Westin haussa les épaules.
— Il y a toujours quelqu’un sur les îles qui est prêt à faire le chauffeur. Isa sait qui appeler. Mais je crois qu’elle m’aurait tout de même demandé d’abord.
Westin regarda sa montre. Wallander se dépêcha de retourner à la voiture pour prendre son petit sac de voyage. Il monta à bord. Westin lui indiqua une carte marine.
— Je peux vous conduire directement à Bärnsö. Mais ça me fait faire un détour. Si on suit le trajet habituel, on y est dans une bonne heure. J’ai trois autres pontons à desservir avant.
— Pas de problème.
— Quand voulez-vous que je passe vous chercher ?
Wallander réfléchit. Selon toute vraisemblance, Isa n’était pas sur l’île. C’était une erreur de jugement et une déception. Mais maintenant qu’il avait fait tout ce trajet, il voulait examiner la maison.
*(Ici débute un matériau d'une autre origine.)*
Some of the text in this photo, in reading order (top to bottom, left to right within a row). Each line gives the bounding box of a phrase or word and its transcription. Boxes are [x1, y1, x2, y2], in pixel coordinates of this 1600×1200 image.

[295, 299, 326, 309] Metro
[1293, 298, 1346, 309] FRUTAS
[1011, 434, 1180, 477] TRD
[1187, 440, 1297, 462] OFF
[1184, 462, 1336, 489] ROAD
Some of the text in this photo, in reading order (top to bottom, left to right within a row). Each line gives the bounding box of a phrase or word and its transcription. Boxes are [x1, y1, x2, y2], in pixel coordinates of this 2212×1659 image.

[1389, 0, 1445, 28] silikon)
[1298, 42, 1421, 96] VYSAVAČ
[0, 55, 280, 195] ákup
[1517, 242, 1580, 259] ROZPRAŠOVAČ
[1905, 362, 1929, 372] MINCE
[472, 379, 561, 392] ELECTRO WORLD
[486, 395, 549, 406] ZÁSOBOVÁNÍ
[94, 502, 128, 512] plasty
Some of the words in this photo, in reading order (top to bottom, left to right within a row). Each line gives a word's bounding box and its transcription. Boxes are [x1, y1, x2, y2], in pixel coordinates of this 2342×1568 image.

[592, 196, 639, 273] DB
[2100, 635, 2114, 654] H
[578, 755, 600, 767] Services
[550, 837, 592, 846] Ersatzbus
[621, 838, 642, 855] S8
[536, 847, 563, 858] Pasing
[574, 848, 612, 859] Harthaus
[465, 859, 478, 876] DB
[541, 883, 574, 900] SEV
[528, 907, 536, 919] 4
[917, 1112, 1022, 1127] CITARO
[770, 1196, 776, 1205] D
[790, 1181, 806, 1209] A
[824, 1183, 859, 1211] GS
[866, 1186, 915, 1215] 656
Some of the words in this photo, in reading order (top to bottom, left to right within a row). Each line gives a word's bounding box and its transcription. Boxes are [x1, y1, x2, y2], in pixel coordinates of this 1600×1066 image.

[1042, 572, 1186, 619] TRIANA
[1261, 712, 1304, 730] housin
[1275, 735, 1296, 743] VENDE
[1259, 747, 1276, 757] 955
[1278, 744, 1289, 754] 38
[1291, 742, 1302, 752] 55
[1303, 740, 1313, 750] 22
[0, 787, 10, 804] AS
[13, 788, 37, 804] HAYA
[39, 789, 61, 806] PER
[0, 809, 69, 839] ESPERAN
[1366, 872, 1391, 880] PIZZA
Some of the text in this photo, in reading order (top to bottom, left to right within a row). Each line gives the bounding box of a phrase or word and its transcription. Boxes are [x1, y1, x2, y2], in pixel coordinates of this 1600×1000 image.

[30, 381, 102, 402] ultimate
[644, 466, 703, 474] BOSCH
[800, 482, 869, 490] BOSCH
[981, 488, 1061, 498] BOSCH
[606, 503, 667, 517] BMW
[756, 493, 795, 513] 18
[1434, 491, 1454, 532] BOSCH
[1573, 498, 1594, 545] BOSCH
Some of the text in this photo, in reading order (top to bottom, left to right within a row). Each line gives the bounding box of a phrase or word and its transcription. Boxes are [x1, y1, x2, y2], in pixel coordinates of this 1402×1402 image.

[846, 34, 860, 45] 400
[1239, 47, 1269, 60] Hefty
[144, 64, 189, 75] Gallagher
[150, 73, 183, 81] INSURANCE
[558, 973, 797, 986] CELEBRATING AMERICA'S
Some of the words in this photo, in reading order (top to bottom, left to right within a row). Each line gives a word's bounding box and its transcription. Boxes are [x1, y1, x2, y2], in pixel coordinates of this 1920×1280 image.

Il pensait avoir besoin de quelques heures.
— Vous n’êtes pas obligé de répondre tout de suite, dit Westin en lui tendant sa carte de visite. Vous pouvez me joindre au téléphone. Cet après-midi et ce soir, je peux passer quand ça vous arrange. J’habite une île pas loin de Bärnsö, ajouta-t-il en indiquant un point sur la carte.
— Je vous appellerai.
Westin fit démarrer les deux moteurs et largua les amarres. Le siège à côté de la place du pilote était encombré de liasses de journaux et de courrier. Il y avait aussi un petit coffre-fort. Ce bateau paraît facile à manœuvrer, pensa Wallander ; ou alors c’est le pilote qui est très adroit. Une fois sorti du port, Westin lança les deux moteurs à fond. Lentement, le bateau déjaugea et prit de la vitesse.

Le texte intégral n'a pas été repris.